◆ **Given records**:
★ ★ ★ ★ ★

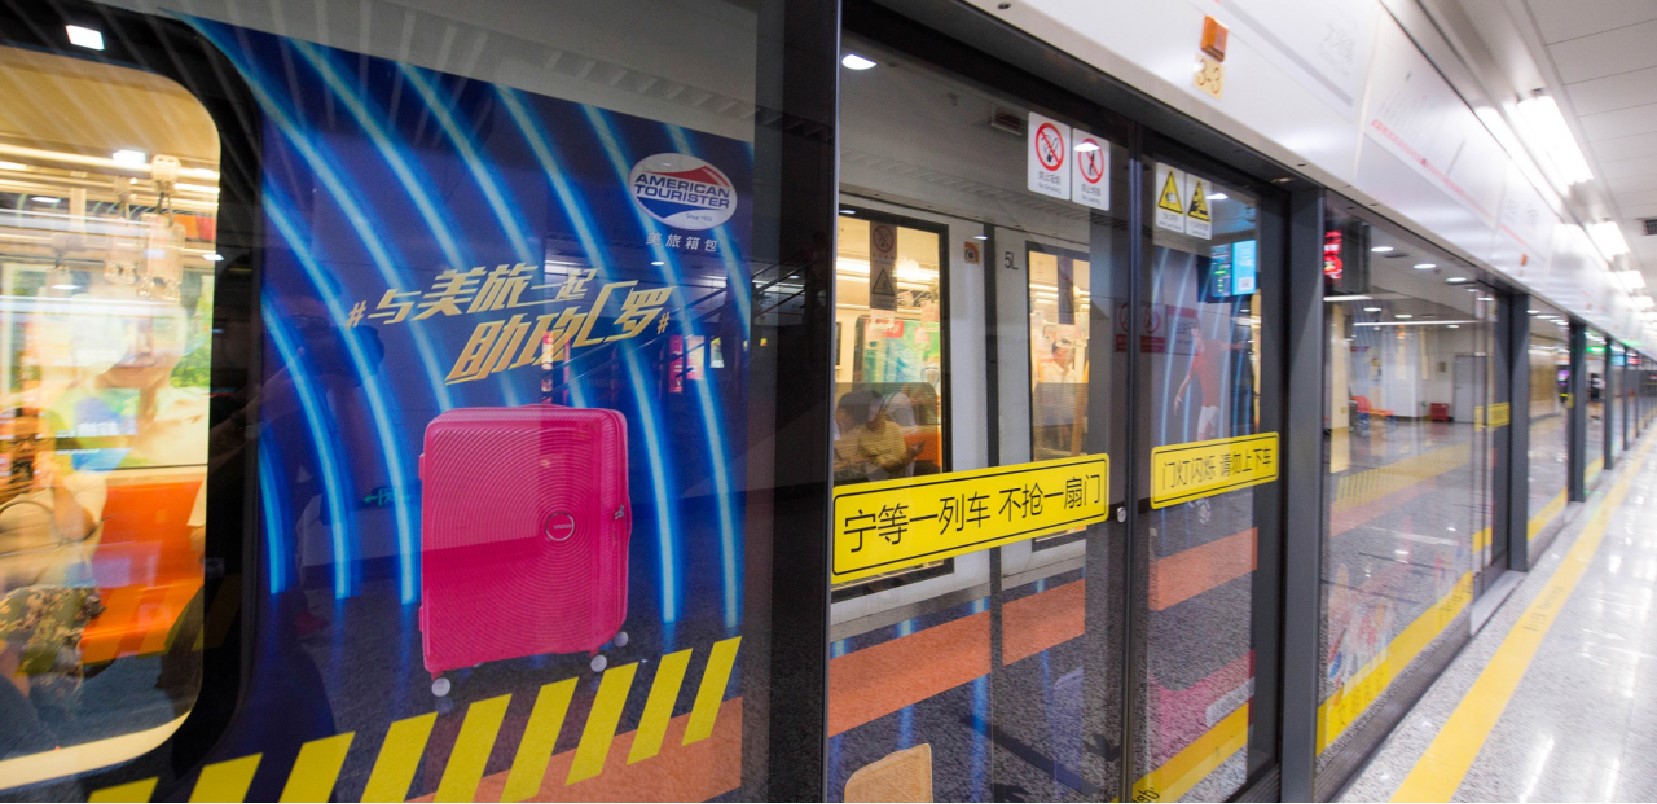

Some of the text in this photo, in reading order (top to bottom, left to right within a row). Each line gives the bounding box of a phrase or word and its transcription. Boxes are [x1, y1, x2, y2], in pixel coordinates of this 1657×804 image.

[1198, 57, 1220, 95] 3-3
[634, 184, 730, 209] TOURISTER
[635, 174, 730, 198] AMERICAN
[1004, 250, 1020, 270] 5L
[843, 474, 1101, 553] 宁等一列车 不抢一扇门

★ ★ ★ ★ ★

Your answer must be an exact copy of the records, without the pictures.

◆ **Result of the task**:
Some of the text in this photo, in reading order (top to bottom, left to right within a row). Each line gives the bounding box of a phrase or word and its transcription. Boxes are [x1, y1, x2, y2], in pixel coordinates of this 1657×804 image.

[1198, 57, 1220, 95] 3-3
[634, 184, 730, 209] TOURISTER
[635, 174, 730, 198] AMERICAN
[1004, 250, 1020, 270] 5L
[843, 474, 1101, 553] 宁等一列车 不抢一扇门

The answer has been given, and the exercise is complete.